Proteção às vítimas

 
04/07/2016
Julia Chaib

 

O caso que chocou o Brasil – o estupro coletivo de uma menina de 16 anos no Rio de Janeiro, em maio – , colocou à mostra, além da brutalidade do crime, um outro problema enfrentado pelas vítimas de violência: a excessiva exposição do trauma durante o processo do interrogatório. O tema é assunto de um projeto de lei, da autoria da deputado Maria do Rosário (PT-RS), que tramita em regime de urgência na Câmara dos Deputados. Ele estabelece um novo tipo de protocolo para depoimentos prestados por crianças e adolescentes no processo anterior e no Judiciário. Pesquisa feita 7ª Vara de Justiça do Rio Grande do Sul, que alterou a forma de conduzir os depoimentos, de maneira a respeitar as especificidades da vítima, mostra que, nestes casos, as probabilidades de se chegar ao agressor vão de 5% para até 70%.

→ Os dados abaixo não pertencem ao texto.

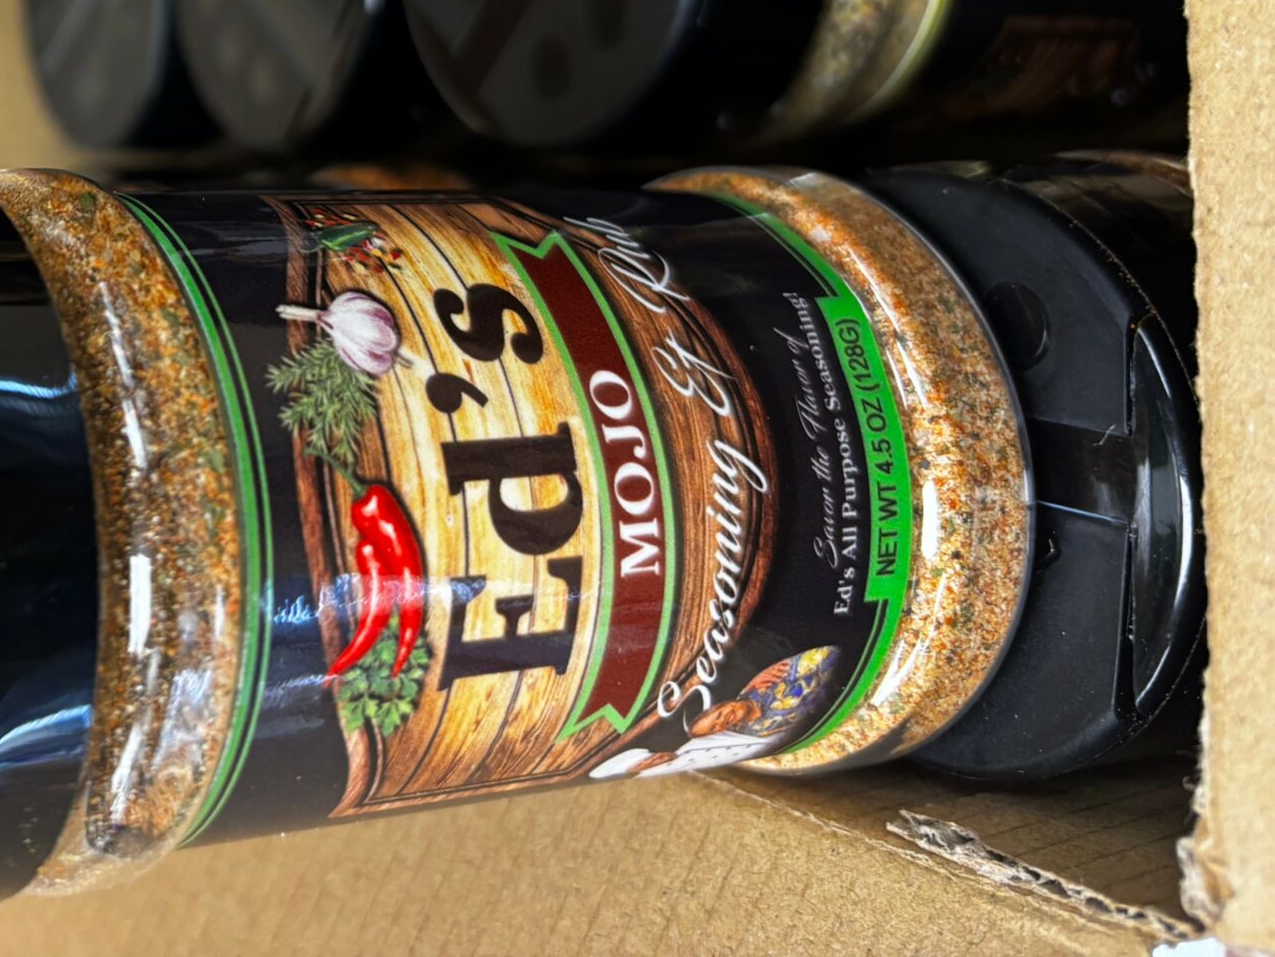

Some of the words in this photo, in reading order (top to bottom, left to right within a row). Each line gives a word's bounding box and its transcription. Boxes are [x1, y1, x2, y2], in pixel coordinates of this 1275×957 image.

O PL 3792/2015 estabelece a “escuta qualificada” e o “depoimento especial” das vítimas de violência, para que não tenham que “recontar” suas histórias, por exemplo, ou sejam submetidas a situações de constrangimento. Alguns fóruns no país já usam esse tipo de procedimento, mas a lei visa estabelecer o protocolo em forma de lei. A proposta estipula formas de conduta para os atos de integrantes do judiciário, da assistência social, da saúde e de outros envolvidos no processo de atendimento.Segundo o processo tradicional, a vítima pode ser levada a depor de três a seis vezes, nos diversos processos de investigação, a começar pelo atendimento no centro de saúde. O modelo proposto pelo projeto prevê que a vítima fale apenas durante a escuta, cuja fala pode servir para os mais diversos, e o depoimento especial na Justiça.

O projeto prevê, por exemplo, a mínima intervenção das autoridades. Prevê também a participação da família e da vítima sobre o planejamento de sua participação na ocorrência e todo o atendimento. Segundo o projeto, a criança tem o direito de não ter contato com o acusado, antes, durante ou depois do depoimento. Diz ainda que a intervenção tem que ser o mais rápido possível e de acordo com suas especificidades. Cada profissional tem seus papeis esclarecidos e, para que isso ocorra, serão criados Centros Integrados de Atendimento.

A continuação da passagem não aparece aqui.